Sejuta gejolak berhamburan di dadaku, hingga sesak menyerang. Orang ini menusukku dengan tajam, tepat di pusat ketidakberdayaanku. Aku tak bisa mengelak. Ulu hatiku terasa pecah. Dan jiwaku terbentur-bentur.
“Di depan pengadilan, yang dipimpin langsung oleh tuhan, ia mengakui semuanya. Ia menangis karena menyesal mengapa tidak cukup hanya satu cinta. Ia menyesal karena membiarkan bunga liar tumbuh di hatinya. Ia menyesal mengharapkan bunga itu selalu mekar dan hanya akan dipetik menjelang kematiannya. Ia menyesal menyesali anak-anaknya yang tak menyerupai bunga itu. Dan ia sangat menyesal kenapa bunga-bunga itu tumbuh dengan duri yang kian hari kian tajam, yang melukainya di malam-malam yang gelap. Yang mengoyak-ngoyak jiwanya ketika anak-anaknya ingin dipelukan ayahnya dan dibelai ibunya. Yang menusuk-nusuk hidupnya karena telah membuat janji bertemu di pintu sorga. Lalu di mana suaminya akan ditinggalkan. Di mana anak-anaknya akan dititipkan. Dia menyesal.”
“Tapi dia tak bisa membunuh bunga-bunga itu begitu saja. Bunga yang sudah terlanjur memekar dan menancapkan akar-akar yang kuat di hatinya. Bunga yang semakin lama semakin liar. Karena itu ia memintaku datang kepadamu. Menyampaikan maafnya atas janji yang tak pernah ingin ia ingkari karena telah ditunggunya berjuta masa. Dan ia menitip salam untukmu semoga kau tidak layu di depan pintu ini, hingga ia benar-benar pergi; dari hatimu. Ia ingin menebus kesalahannya kepadamu, kepadaku, kepada anak-anak, juga kepada isterimu, dengan hidup di antara sorga dan neraka. Di antara kebimbangan yang abadi. Di antara batas yang tak akan memberi warna, memberi cahaya, juga cinta. Dan aku akan menemaninya, sebagaimana yang kulakukan sepanjang hidup. Karena aku mencintainya. Sangat mencintainya.”

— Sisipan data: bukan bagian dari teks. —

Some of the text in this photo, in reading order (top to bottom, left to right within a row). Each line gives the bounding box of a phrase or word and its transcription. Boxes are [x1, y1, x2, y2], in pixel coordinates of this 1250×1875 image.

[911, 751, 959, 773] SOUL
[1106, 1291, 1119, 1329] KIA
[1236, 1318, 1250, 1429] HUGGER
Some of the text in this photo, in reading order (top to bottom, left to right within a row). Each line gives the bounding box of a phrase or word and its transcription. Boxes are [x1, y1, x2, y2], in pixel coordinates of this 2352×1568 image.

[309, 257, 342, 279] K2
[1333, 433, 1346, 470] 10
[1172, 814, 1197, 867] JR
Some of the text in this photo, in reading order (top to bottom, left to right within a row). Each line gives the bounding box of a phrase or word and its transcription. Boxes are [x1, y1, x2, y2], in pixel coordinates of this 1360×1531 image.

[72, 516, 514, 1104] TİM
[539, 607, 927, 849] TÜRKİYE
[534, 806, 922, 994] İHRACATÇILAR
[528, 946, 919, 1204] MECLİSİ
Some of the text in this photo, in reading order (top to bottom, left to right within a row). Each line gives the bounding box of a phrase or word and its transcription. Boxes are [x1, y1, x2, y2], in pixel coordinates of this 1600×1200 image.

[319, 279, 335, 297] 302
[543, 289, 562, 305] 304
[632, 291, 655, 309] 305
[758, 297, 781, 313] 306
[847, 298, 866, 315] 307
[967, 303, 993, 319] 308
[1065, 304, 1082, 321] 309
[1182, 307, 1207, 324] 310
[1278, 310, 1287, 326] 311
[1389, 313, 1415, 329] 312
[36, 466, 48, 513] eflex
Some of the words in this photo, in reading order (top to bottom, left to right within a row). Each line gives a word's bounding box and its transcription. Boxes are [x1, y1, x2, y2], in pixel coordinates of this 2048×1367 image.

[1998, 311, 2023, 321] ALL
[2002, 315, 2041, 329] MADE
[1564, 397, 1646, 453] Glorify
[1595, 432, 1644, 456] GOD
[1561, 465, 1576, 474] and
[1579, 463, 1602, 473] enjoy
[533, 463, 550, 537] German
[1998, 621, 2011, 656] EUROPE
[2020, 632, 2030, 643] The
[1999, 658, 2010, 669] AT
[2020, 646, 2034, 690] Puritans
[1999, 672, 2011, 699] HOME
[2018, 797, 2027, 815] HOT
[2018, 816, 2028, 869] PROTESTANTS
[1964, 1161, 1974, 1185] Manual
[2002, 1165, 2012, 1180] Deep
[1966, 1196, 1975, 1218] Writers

Tiba-tiba tubuhku melumpuh. Kaki-kakiku seok. Urat nadiku patah. Tulang-tulangku hancur. Dan jiwaku ... perlahan-lahan menjadi abu. Aku benar-benar menjadi layu, bahkan sebelum laki-laki itu pergi.
Waktu menghukumku, hingga menjadi kesia-siaan.
Lalu laki-laki dengan kereta itu tiba-tiba sudah tidak ada. Lenyap secepat kilat. Hanya lengang, tak berkesudahan. Lalu menjelma hampa. Sorga ini pun tiba-tiba sirna.